§ PROBLEM REQUIREMENTS:
All lines below are to be output exactly as they stand.

(Extracted data entries)
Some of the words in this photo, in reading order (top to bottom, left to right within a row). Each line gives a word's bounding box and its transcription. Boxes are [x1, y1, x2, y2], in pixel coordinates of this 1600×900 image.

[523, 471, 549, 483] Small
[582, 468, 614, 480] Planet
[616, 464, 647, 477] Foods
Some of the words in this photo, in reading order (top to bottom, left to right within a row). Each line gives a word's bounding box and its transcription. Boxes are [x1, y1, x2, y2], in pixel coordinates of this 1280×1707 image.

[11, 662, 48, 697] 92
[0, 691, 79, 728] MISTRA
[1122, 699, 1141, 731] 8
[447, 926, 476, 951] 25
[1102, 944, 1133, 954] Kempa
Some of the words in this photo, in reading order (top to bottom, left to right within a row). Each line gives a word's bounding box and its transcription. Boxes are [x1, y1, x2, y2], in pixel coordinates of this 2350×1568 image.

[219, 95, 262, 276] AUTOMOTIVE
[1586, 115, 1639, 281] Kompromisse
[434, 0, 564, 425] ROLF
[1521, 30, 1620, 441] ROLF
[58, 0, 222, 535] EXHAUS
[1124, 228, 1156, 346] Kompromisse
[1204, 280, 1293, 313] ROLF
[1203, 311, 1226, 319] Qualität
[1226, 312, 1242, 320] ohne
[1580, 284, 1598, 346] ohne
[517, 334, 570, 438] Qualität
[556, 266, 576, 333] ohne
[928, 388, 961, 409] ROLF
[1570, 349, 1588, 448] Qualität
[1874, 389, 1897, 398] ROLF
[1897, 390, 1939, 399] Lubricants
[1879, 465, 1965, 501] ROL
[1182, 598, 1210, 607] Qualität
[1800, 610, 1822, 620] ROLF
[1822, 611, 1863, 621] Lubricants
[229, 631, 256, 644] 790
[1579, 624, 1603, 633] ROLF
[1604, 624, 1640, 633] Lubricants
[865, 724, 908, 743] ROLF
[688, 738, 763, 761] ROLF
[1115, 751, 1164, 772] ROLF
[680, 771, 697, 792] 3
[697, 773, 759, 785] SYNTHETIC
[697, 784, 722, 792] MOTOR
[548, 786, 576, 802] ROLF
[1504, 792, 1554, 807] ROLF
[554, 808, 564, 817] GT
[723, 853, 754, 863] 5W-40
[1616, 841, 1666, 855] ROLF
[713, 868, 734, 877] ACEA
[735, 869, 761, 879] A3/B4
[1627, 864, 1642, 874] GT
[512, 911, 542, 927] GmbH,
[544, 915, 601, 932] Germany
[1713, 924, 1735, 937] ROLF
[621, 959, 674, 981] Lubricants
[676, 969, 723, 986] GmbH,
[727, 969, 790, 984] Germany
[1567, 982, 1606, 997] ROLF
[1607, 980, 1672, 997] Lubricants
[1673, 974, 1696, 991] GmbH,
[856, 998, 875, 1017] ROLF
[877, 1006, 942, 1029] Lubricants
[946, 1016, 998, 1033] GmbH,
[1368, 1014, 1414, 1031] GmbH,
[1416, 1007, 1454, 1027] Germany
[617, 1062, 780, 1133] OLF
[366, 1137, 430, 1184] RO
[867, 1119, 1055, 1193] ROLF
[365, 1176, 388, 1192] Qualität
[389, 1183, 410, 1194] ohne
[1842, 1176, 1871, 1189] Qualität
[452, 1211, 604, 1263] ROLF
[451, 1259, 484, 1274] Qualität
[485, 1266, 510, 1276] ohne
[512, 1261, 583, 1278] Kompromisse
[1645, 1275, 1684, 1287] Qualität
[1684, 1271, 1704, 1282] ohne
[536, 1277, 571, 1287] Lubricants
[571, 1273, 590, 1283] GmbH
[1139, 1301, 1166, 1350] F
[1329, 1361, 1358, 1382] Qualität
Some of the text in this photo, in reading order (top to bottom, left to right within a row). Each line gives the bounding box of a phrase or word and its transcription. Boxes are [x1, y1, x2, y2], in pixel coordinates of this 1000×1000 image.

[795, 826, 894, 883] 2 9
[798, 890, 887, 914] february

§ REPLY:
Some of the words in this photo, in reading order (top to bottom, left to right within a row). Each line gives a word's bounding box and its transcription. Boxes are [x1, y1, x2, y2], in pixel coordinates of this 1600×900 image.

[523, 471, 549, 483] Small
[582, 468, 614, 480] Planet
[616, 464, 647, 477] Foods
Some of the words in this photo, in reading order (top to bottom, left to right within a row). Each line gives a word's bounding box and its transcription. Boxes are [x1, y1, x2, y2], in pixel coordinates of this 1280×1707 image.

[11, 662, 48, 697] 92
[0, 691, 79, 728] MISTRA
[1122, 699, 1141, 731] 8
[447, 926, 476, 951] 25
[1102, 944, 1133, 954] Kempa
Some of the words in this photo, in reading order (top to bottom, left to right within a row). Each line gives a word's bounding box and its transcription. Boxes are [x1, y1, x2, y2], in pixel coordinates of this 2350×1568 image.

[219, 95, 262, 276] AUTOMOTIVE
[1586, 115, 1639, 281] Kompromisse
[434, 0, 564, 425] ROLF
[1521, 30, 1620, 441] ROLF
[58, 0, 222, 535] EXHAUS
[1124, 228, 1156, 346] Kompromisse
[1204, 280, 1293, 313] ROLF
[1203, 311, 1226, 319] Qualität
[1226, 312, 1242, 320] ohne
[1580, 284, 1598, 346] ohne
[517, 334, 570, 438] Qualität
[556, 266, 576, 333] ohne
[928, 388, 961, 409] ROLF
[1570, 349, 1588, 448] Qualität
[1874, 389, 1897, 398] ROLF
[1897, 390, 1939, 399] Lubricants
[1879, 465, 1965, 501] ROL
[1182, 598, 1210, 607] Qualität
[1800, 610, 1822, 620] ROLF
[1822, 611, 1863, 621] Lubricants
[229, 631, 256, 644] 790
[1579, 624, 1603, 633] ROLF
[1604, 624, 1640, 633] Lubricants
[865, 724, 908, 743] ROLF
[688, 738, 763, 761] ROLF
[1115, 751, 1164, 772] ROLF
[680, 771, 697, 792] 3
[697, 773, 759, 785] SYNTHETIC
[697, 784, 722, 792] MOTOR
[548, 786, 576, 802] ROLF
[1504, 792, 1554, 807] ROLF
[554, 808, 564, 817] GT
[723, 853, 754, 863] 5W-40
[1616, 841, 1666, 855] ROLF
[713, 868, 734, 877] ACEA
[735, 869, 761, 879] A3/B4
[1627, 864, 1642, 874] GT
[512, 911, 542, 927] GmbH,
[544, 915, 601, 932] Germany
[1713, 924, 1735, 937] ROLF
[621, 959, 674, 981] Lubricants
[676, 969, 723, 986] GmbH,
[727, 969, 790, 984] Germany
[1567, 982, 1606, 997] ROLF
[1607, 980, 1672, 997] Lubricants
[1673, 974, 1696, 991] GmbH,
[856, 998, 875, 1017] ROLF
[877, 1006, 942, 1029] Lubricants
[946, 1016, 998, 1033] GmbH,
[1368, 1014, 1414, 1031] GmbH,
[1416, 1007, 1454, 1027] Germany
[617, 1062, 780, 1133] OLF
[366, 1137, 430, 1184] RO
[867, 1119, 1055, 1193] ROLF
[365, 1176, 388, 1192] Qualität
[389, 1183, 410, 1194] ohne
[1842, 1176, 1871, 1189] Qualität
[452, 1211, 604, 1263] ROLF
[451, 1259, 484, 1274] Qualität
[485, 1266, 510, 1276] ohne
[512, 1261, 583, 1278] Kompromisse
[1645, 1275, 1684, 1287] Qualität
[1684, 1271, 1704, 1282] ohne
[536, 1277, 571, 1287] Lubricants
[571, 1273, 590, 1283] GmbH
[1139, 1301, 1166, 1350] F
[1329, 1361, 1358, 1382] Qualität
Some of the text in this photo, in reading order (top to bottom, left to right within a row). Each line gives the bounding box of a phrase or word and its transcription. Boxes are [x1, y1, x2, y2], in pixel coordinates of this 1000×1000 image.

[795, 826, 894, 883] 2 9
[798, 890, 887, 914] february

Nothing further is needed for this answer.